Matthews gave him a sardonic look. “It’s a long while since surgeons were barbers, Mr Shard. But I’ll put the point. The body’s available at forensic if you wish to see it.”
*
Hedge had left the Foreign Office in mid afternoon; he had an appointment with his doctor, he told his immediate boss, the Head of Security. The Head of Security had hoped, perfunctorily, that it was nothing serious, and Hedge had hedged, mumbling vaguely about his perennial indigestion and perhaps an ulcer. His appointment had been in fact with a public telephone box, which was a great deal more private than the Foreign Office lines, all of which were tapped twenty-four hours a day except for the personal security lines coloured red and even those could not be relied upon absolutely, not with MI5 always on the scent to charge everyone in sight with treason, even their own people.

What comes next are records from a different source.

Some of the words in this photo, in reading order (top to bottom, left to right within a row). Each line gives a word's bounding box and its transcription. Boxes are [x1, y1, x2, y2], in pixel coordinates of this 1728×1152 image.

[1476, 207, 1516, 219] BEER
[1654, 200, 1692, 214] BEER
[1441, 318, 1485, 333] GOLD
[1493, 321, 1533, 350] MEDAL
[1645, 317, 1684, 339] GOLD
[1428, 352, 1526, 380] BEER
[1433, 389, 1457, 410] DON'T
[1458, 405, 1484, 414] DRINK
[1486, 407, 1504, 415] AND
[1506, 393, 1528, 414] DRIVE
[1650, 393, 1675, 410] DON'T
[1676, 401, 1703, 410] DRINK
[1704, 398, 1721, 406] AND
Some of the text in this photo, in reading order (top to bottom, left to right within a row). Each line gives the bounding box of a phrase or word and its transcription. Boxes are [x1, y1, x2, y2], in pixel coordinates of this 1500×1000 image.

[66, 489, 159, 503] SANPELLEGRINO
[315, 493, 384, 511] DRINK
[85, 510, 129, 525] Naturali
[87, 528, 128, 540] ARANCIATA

Hedge walked across the Horse Guards, into St James’s Park, across the Mall and up along Lower Regent Street towards Piccadilly Circus. He disappeared into the underground station and hung about until a telephone was free, which it wasn’t for quite a while. This angered him and made him even more nervous than he had appeared to Shard. But patience, if it could be called that, was rewarded in the end. Hedge pounced in just ahead of what looked like a Chinese student and dialled a number in South Kensington. After a nail-biting three minutes, the call was answered by a male voice who asked who was calling.
“You-know-who,” Hedge said.
“Oh, it’s like that, is it, ducky, all cloak-and-dagger today, are we?”

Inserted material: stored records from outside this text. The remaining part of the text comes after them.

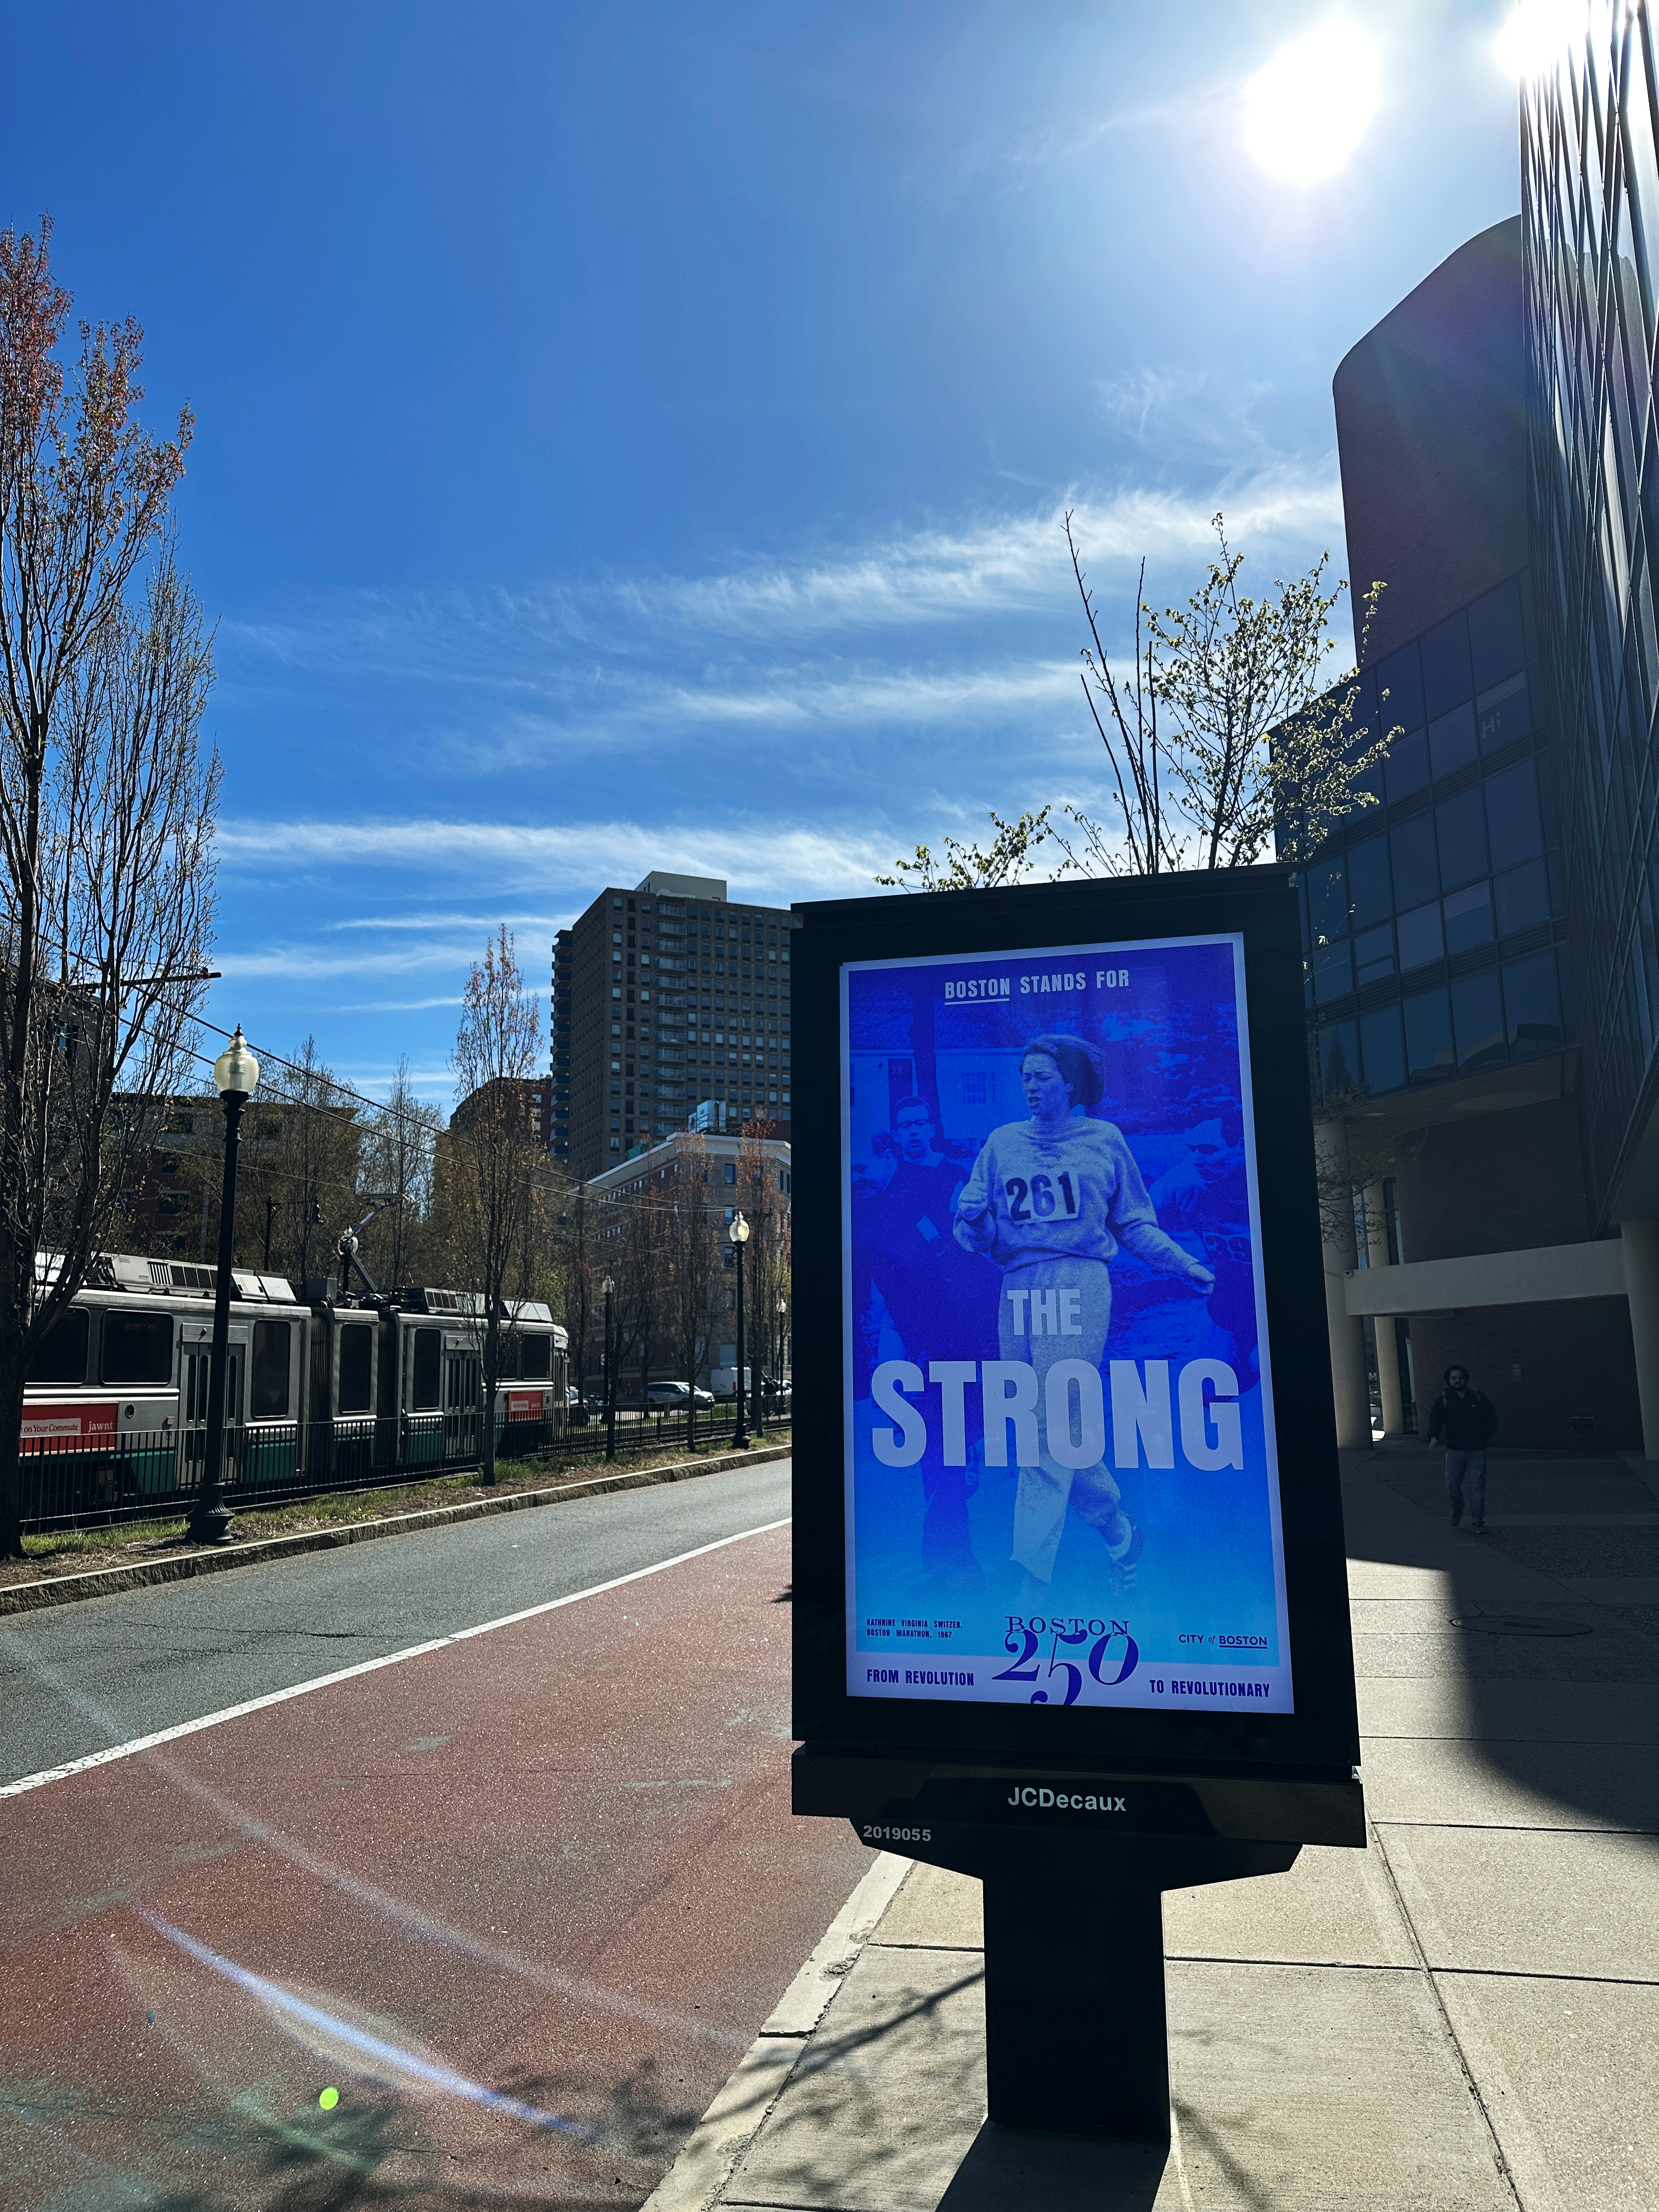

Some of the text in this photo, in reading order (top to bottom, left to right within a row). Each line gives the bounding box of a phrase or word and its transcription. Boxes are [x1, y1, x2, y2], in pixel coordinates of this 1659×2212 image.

[945, 969, 1129, 999] BOSTON STANDS FOR
[1005, 1170, 1077, 1222] 261
[1007, 1288, 1082, 1335] THE
[871, 1358, 1244, 1471] STRONG
[33, 1424, 49, 1433] Your
[49, 1424, 78, 1432] Commute
[88, 1420, 114, 1432] jawnt
[866, 1618, 963, 1629] KATHRINE VIRGINIA SWITZER,
[1005, 1616, 1130, 1636] BOSTON
[866, 1629, 952, 1639] BOSTON MARATHON, 1967
[1178, 1634, 1267, 1646] CITY of BOSTON
[992, 1629, 1139, 1706] 250
[866, 1669, 974, 1686] FROM REVOLUTION
[1149, 1679, 1270, 1697] TO REVOLUTIONARY
[1008, 1787, 1127, 1812] JCDecaux
[863, 1825, 932, 1842] 2019055

“Don’t fool around,” Hedge hissed between his teeth, aware of a fat woman within a couple of inches of him, tapping a pudgy hand on the head of a small boy attached to her. She could be listening … Hedge said, his mouth tight against the telephone, “And don’t call me — what you just did. Now pay attention. I want to see Mr Crushe-Smith. Urgently. Is he available?”
“No. Sorry.”
Hedge sweated. “When will he be?”
“Don’t know, do I? He’s not here. Gone down to Stockbridge.”

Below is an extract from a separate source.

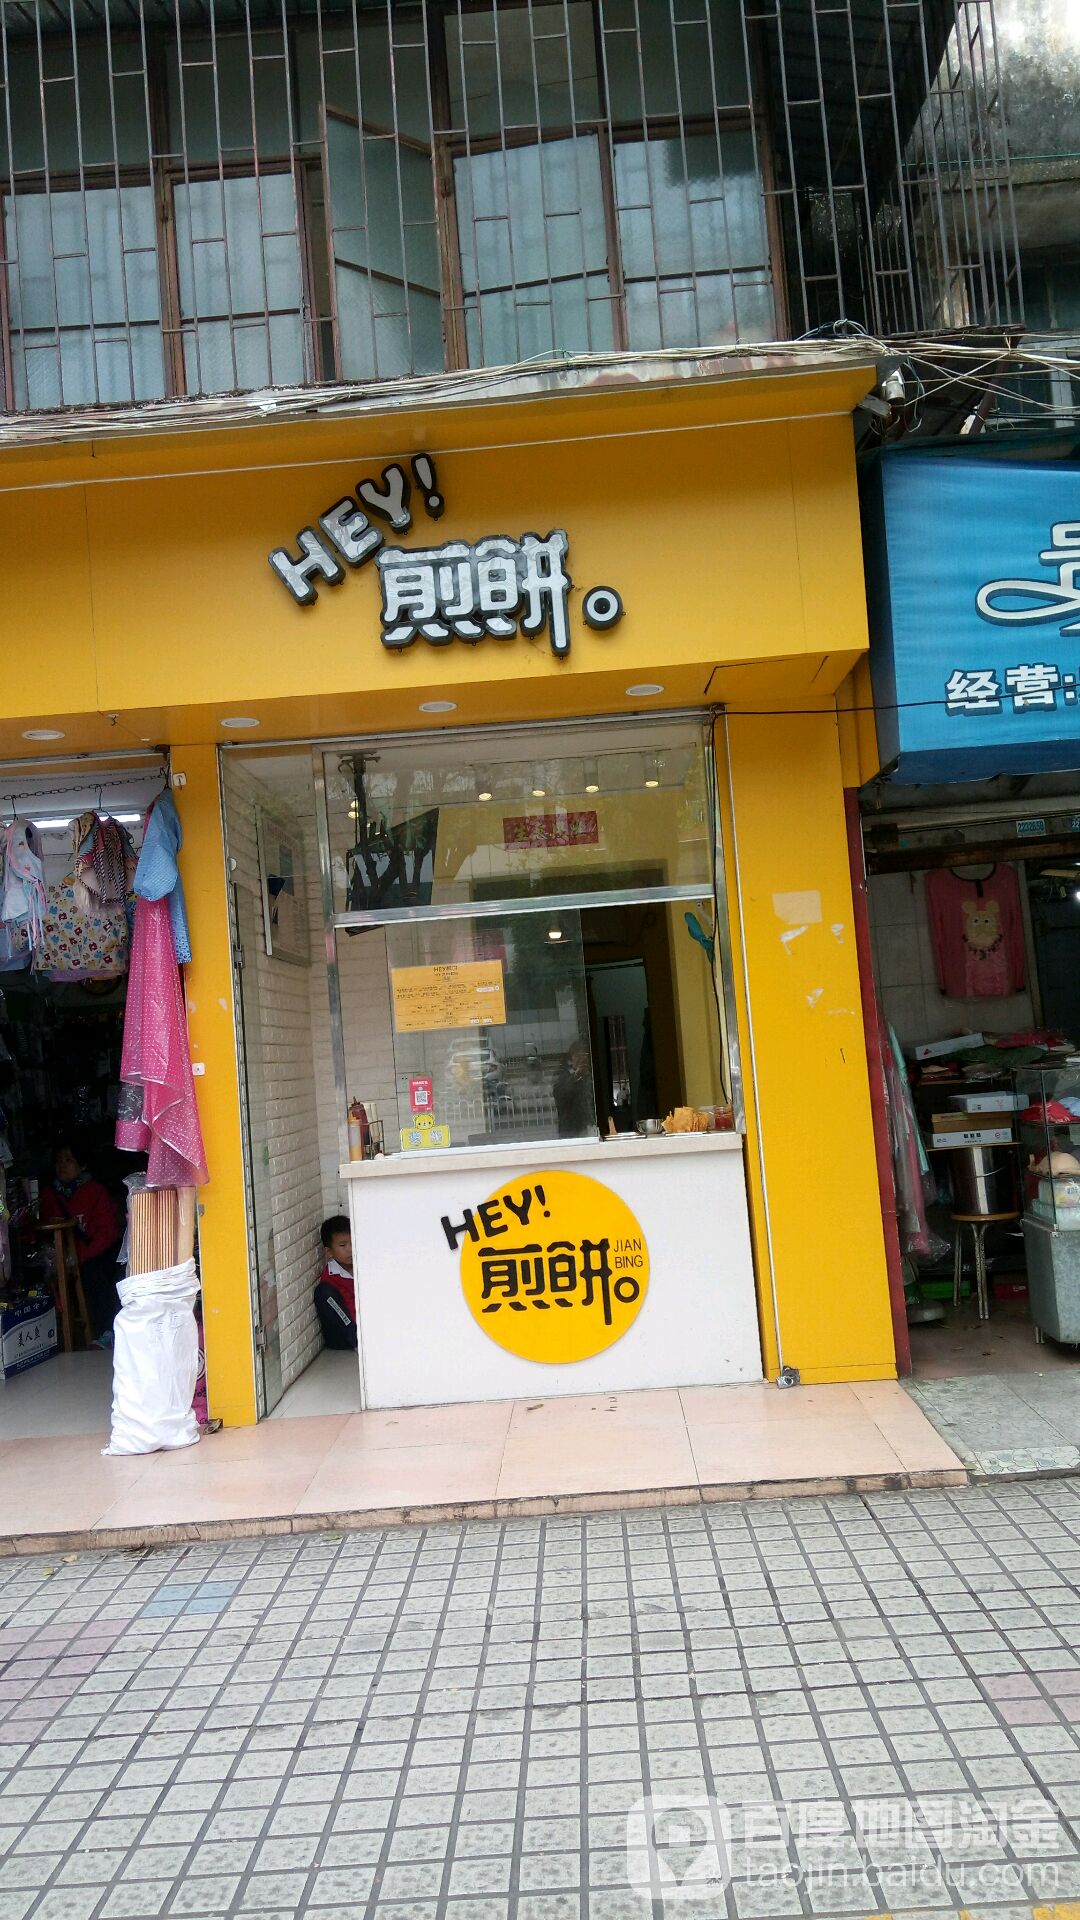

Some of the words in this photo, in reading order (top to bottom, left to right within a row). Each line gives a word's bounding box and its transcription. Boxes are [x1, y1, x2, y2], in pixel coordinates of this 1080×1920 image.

“Oh dear, oh dear.” Hedge’s fingers shook. “I suppose you don’t know why, do you?”
“No. Not really like. There was a phone call, that’s all I know —”
“Who was the call from?”
“Don’t know that either, do I, ducky? Oh — sorry. It’s no use you going on at me. All I know is, Wally buggered off to Stockbridge like his arse was on fire, said not to expect him back till he rang, all right? Anything else you want to know, is there?”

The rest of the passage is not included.